Exercise description - Retype each record below word for word. Leave the pictures out.

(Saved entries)
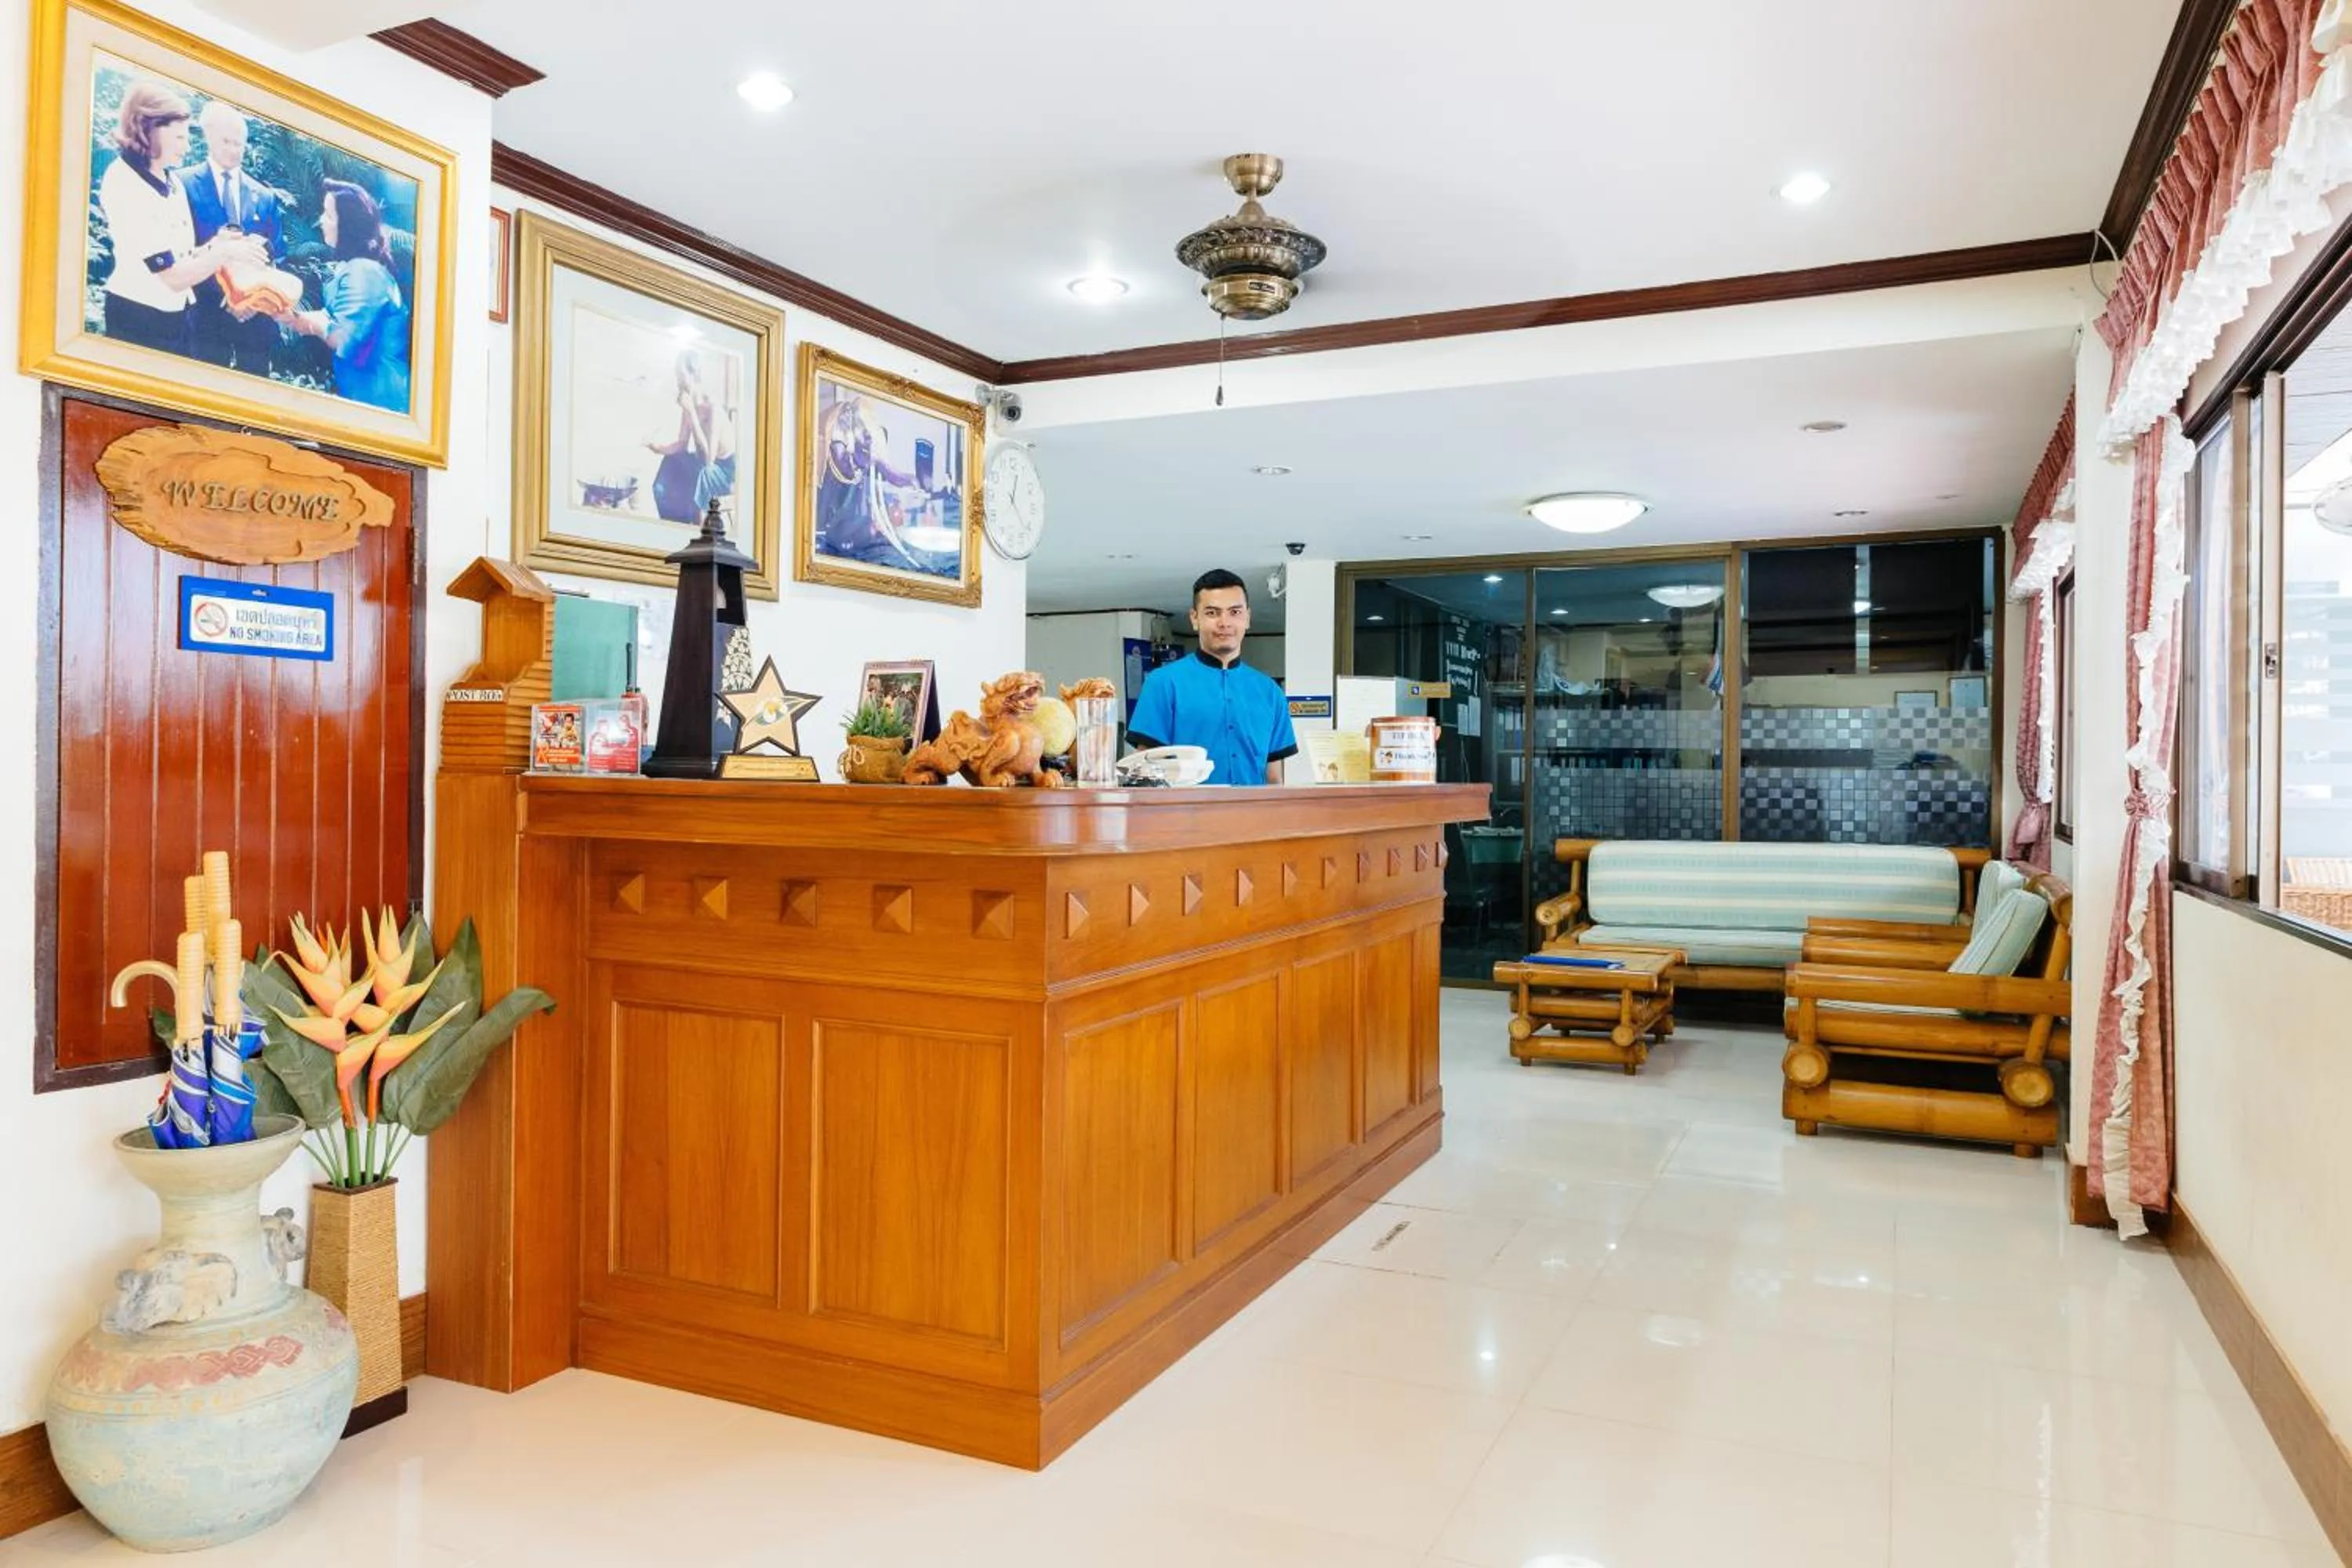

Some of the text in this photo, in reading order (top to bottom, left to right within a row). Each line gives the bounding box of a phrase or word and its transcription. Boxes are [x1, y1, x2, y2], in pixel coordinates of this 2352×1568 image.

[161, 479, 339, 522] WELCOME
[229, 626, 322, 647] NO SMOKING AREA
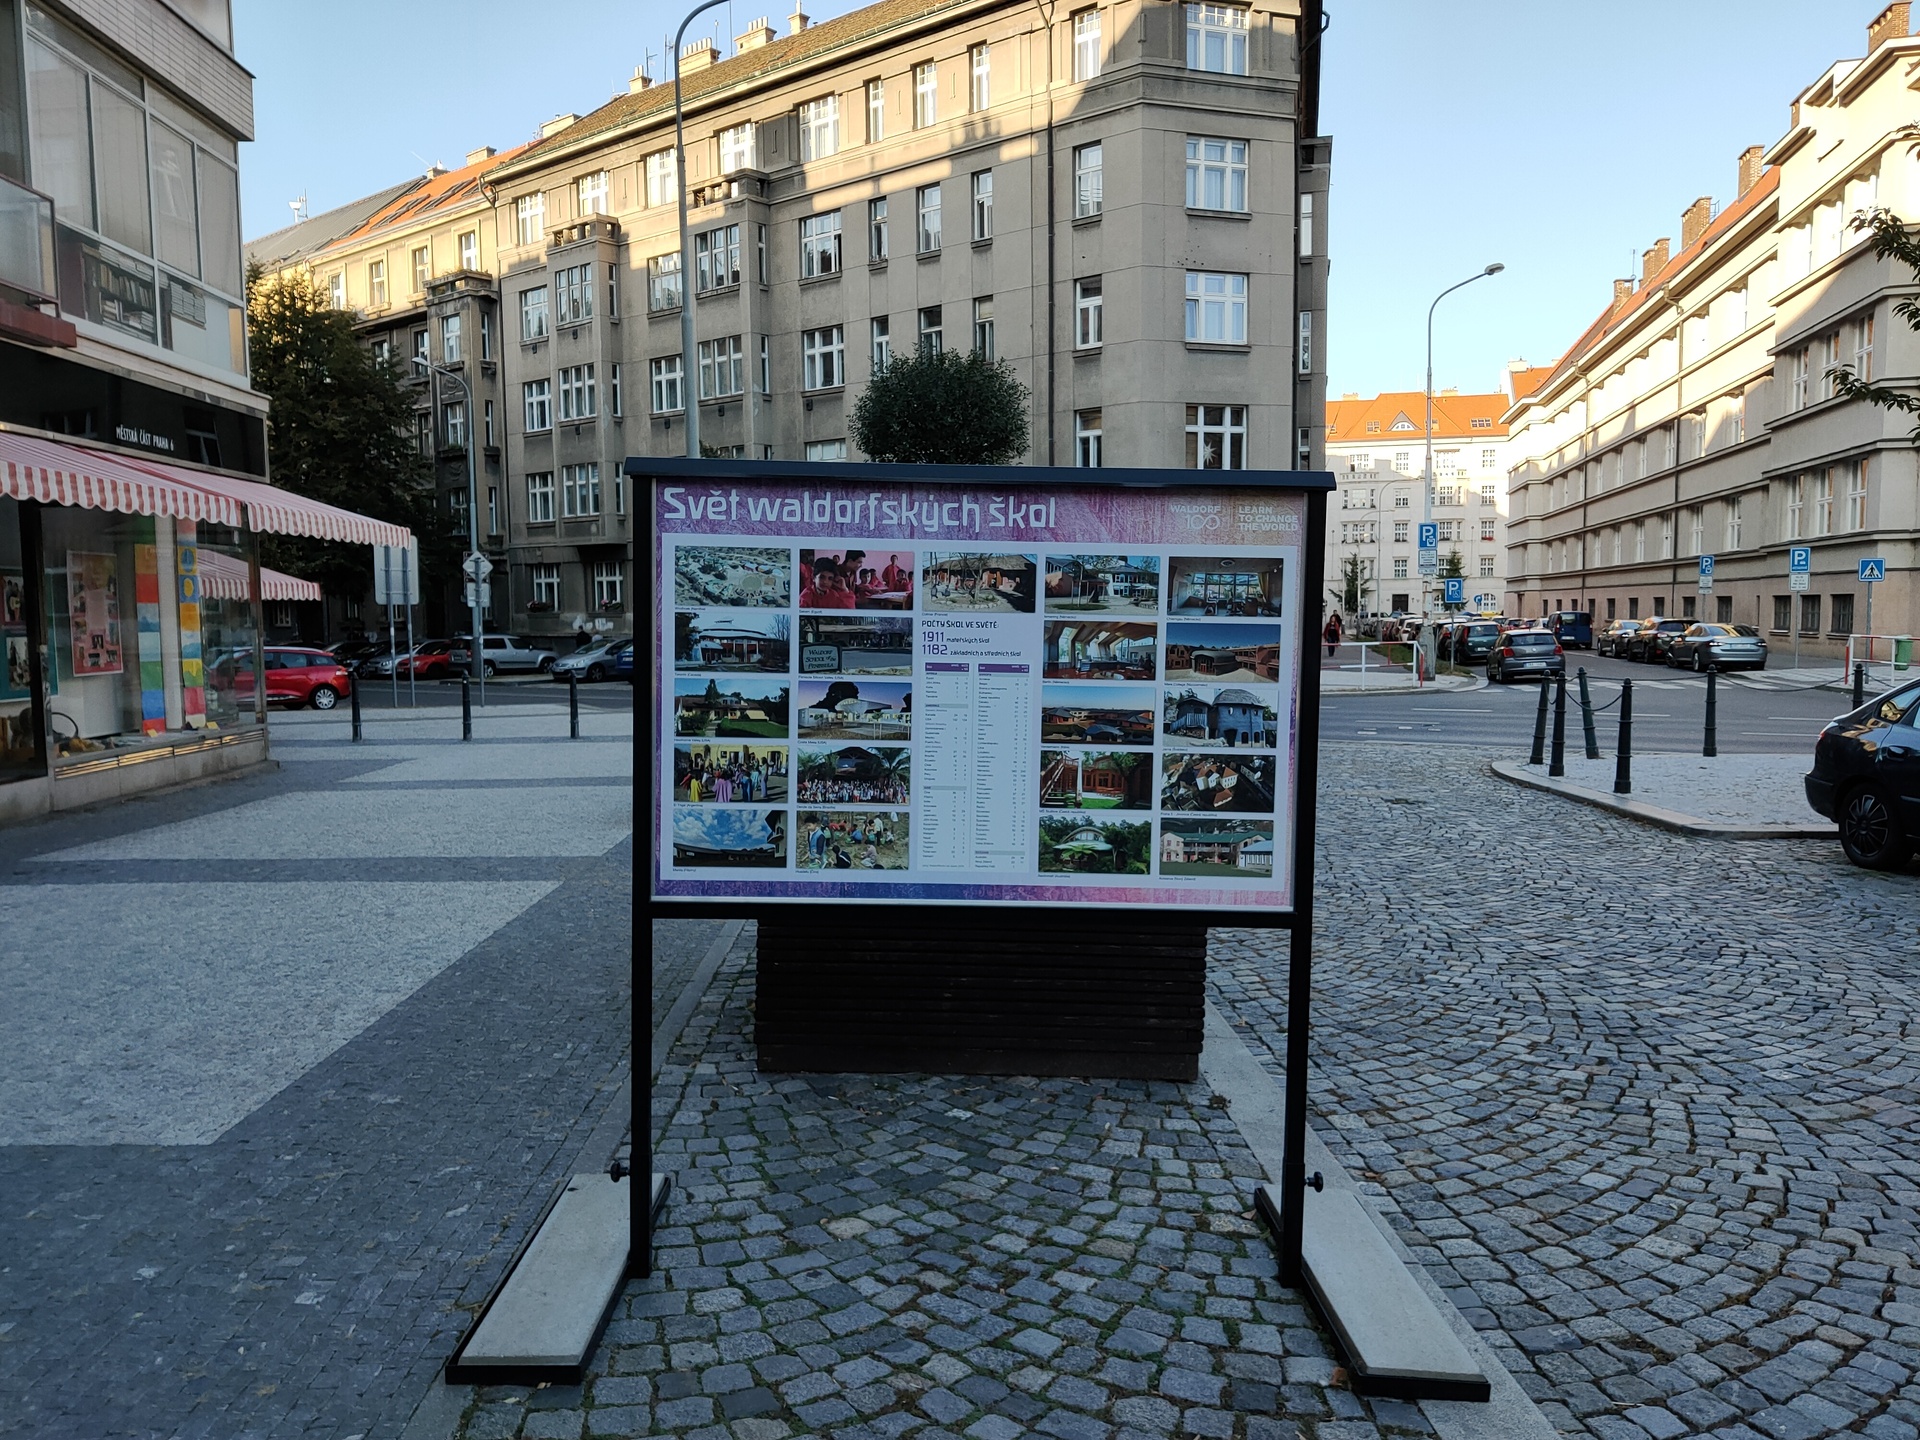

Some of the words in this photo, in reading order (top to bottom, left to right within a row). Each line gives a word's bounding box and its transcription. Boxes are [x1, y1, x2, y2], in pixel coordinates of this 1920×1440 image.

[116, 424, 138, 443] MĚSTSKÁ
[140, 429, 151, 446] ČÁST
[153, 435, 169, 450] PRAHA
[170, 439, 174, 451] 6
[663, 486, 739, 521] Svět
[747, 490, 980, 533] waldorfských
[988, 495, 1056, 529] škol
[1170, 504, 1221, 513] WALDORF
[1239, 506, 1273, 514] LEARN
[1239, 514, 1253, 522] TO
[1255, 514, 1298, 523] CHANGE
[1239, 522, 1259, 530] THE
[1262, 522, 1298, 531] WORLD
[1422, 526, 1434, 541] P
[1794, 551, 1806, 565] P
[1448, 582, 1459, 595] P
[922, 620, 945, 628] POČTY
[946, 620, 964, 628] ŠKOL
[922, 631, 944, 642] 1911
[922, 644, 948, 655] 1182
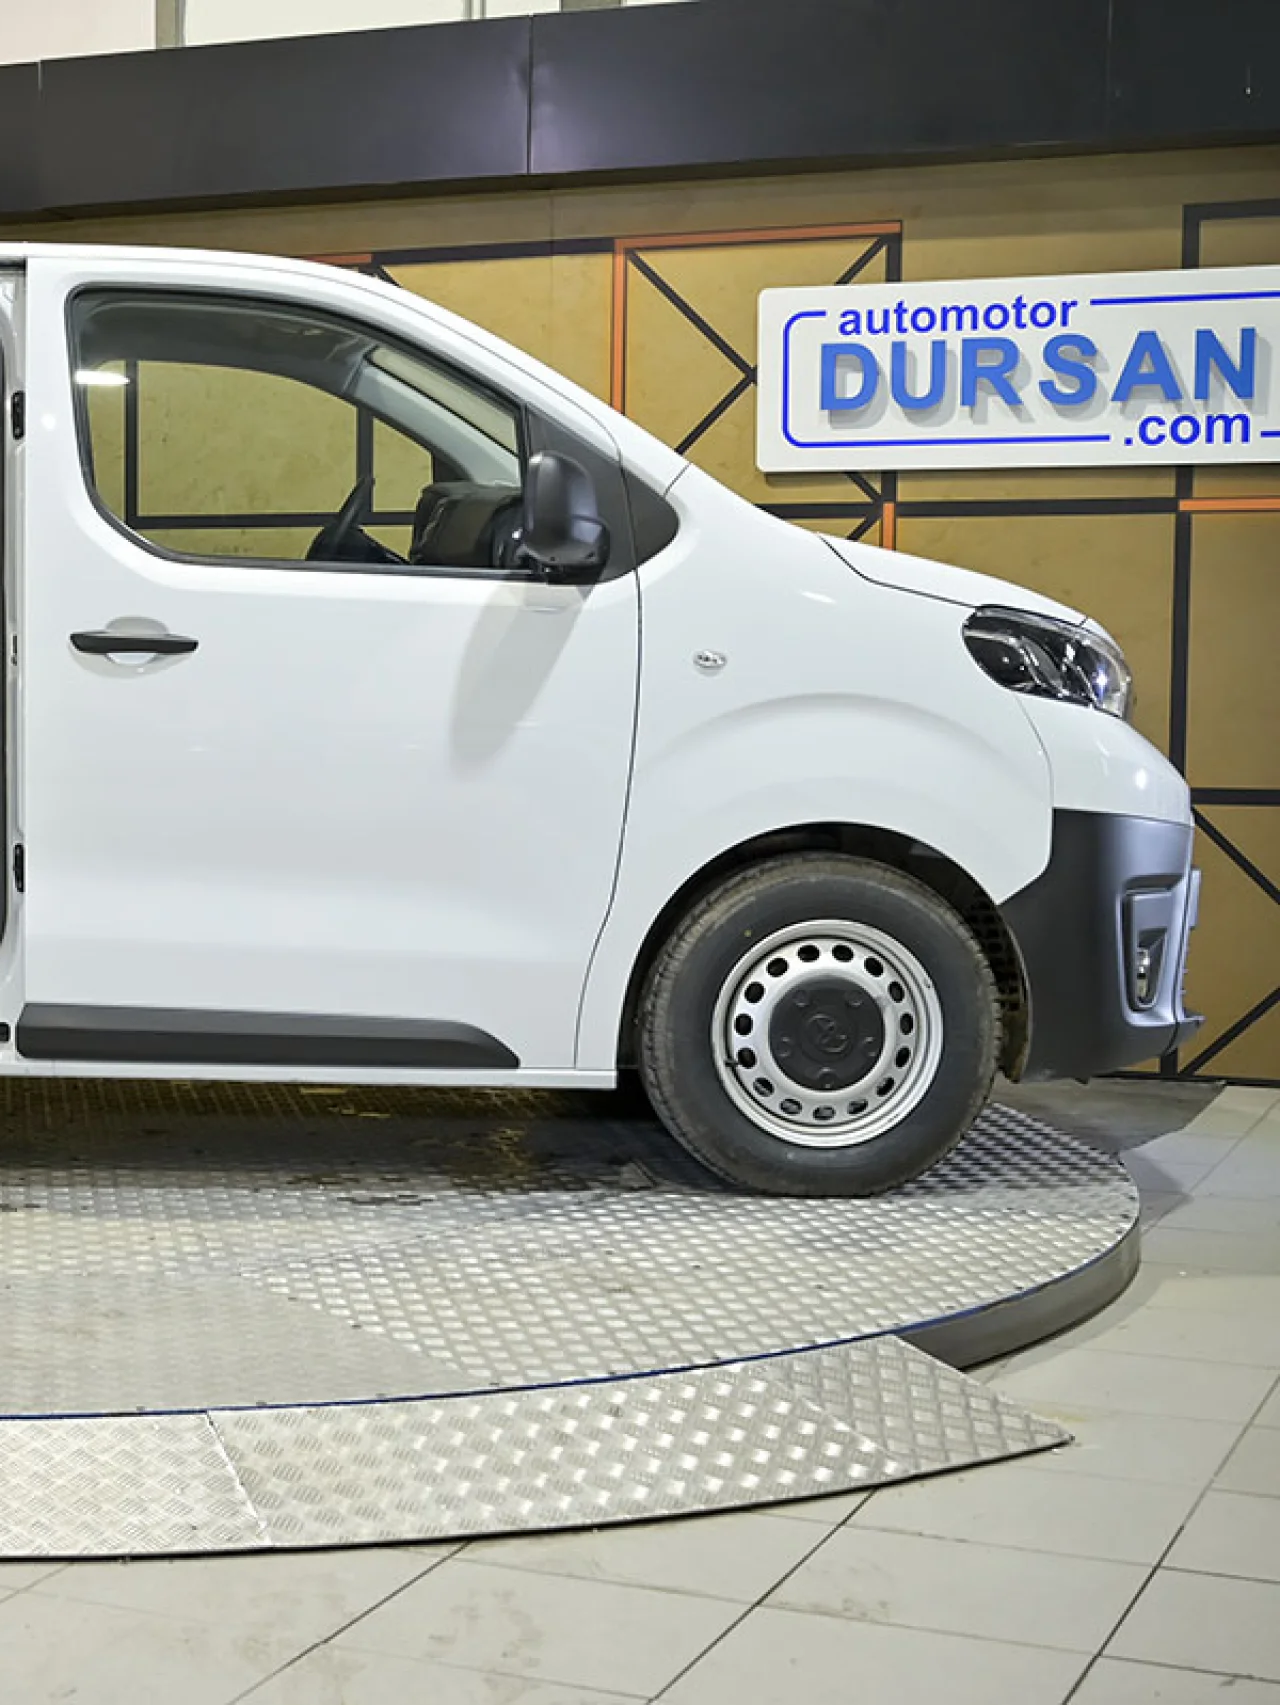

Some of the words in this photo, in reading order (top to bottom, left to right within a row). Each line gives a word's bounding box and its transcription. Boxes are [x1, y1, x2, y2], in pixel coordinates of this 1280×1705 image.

Exercise answer -
Some of the text in this photo, in reading order (top to bottom, left to right within a row). Each line gives the bounding box of a phrase or word and its transcription. Boxes are [x1, y1, x2, y2], in pixel coordinates of this 2352×1568 image.

[161, 479, 339, 522] WELCOME
[229, 626, 322, 647] NO SMOKING AREA

Some of the words in this photo, in reading order (top to bottom, left to right within a row). Each line gives a word's bounding box and its transcription. Boxes are [x1, y1, x2, y2], in pixel coordinates of this 1920×1440 image.

[116, 424, 138, 443] MĚSTSKÁ
[140, 429, 151, 446] ČÁST
[153, 435, 169, 450] PRAHA
[170, 439, 174, 451] 6
[663, 486, 739, 521] Svět
[747, 490, 980, 533] waldorfských
[988, 495, 1056, 529] škol
[1170, 504, 1221, 513] WALDORF
[1239, 506, 1273, 514] LEARN
[1239, 514, 1253, 522] TO
[1255, 514, 1298, 523] CHANGE
[1239, 522, 1259, 530] THE
[1262, 522, 1298, 531] WORLD
[1422, 526, 1434, 541] P
[1794, 551, 1806, 565] P
[1448, 582, 1459, 595] P
[922, 620, 945, 628] POČTY
[946, 620, 964, 628] ŠKOL
[922, 631, 944, 642] 1911
[922, 644, 948, 655] 1182

Some of the words in this photo, in reading order (top to bottom, left to right within a row). Each line gives a word's bounding box and its transcription. Boxes are [x1, y1, x2, y2], in pixel coordinates of this 1280×1705 image.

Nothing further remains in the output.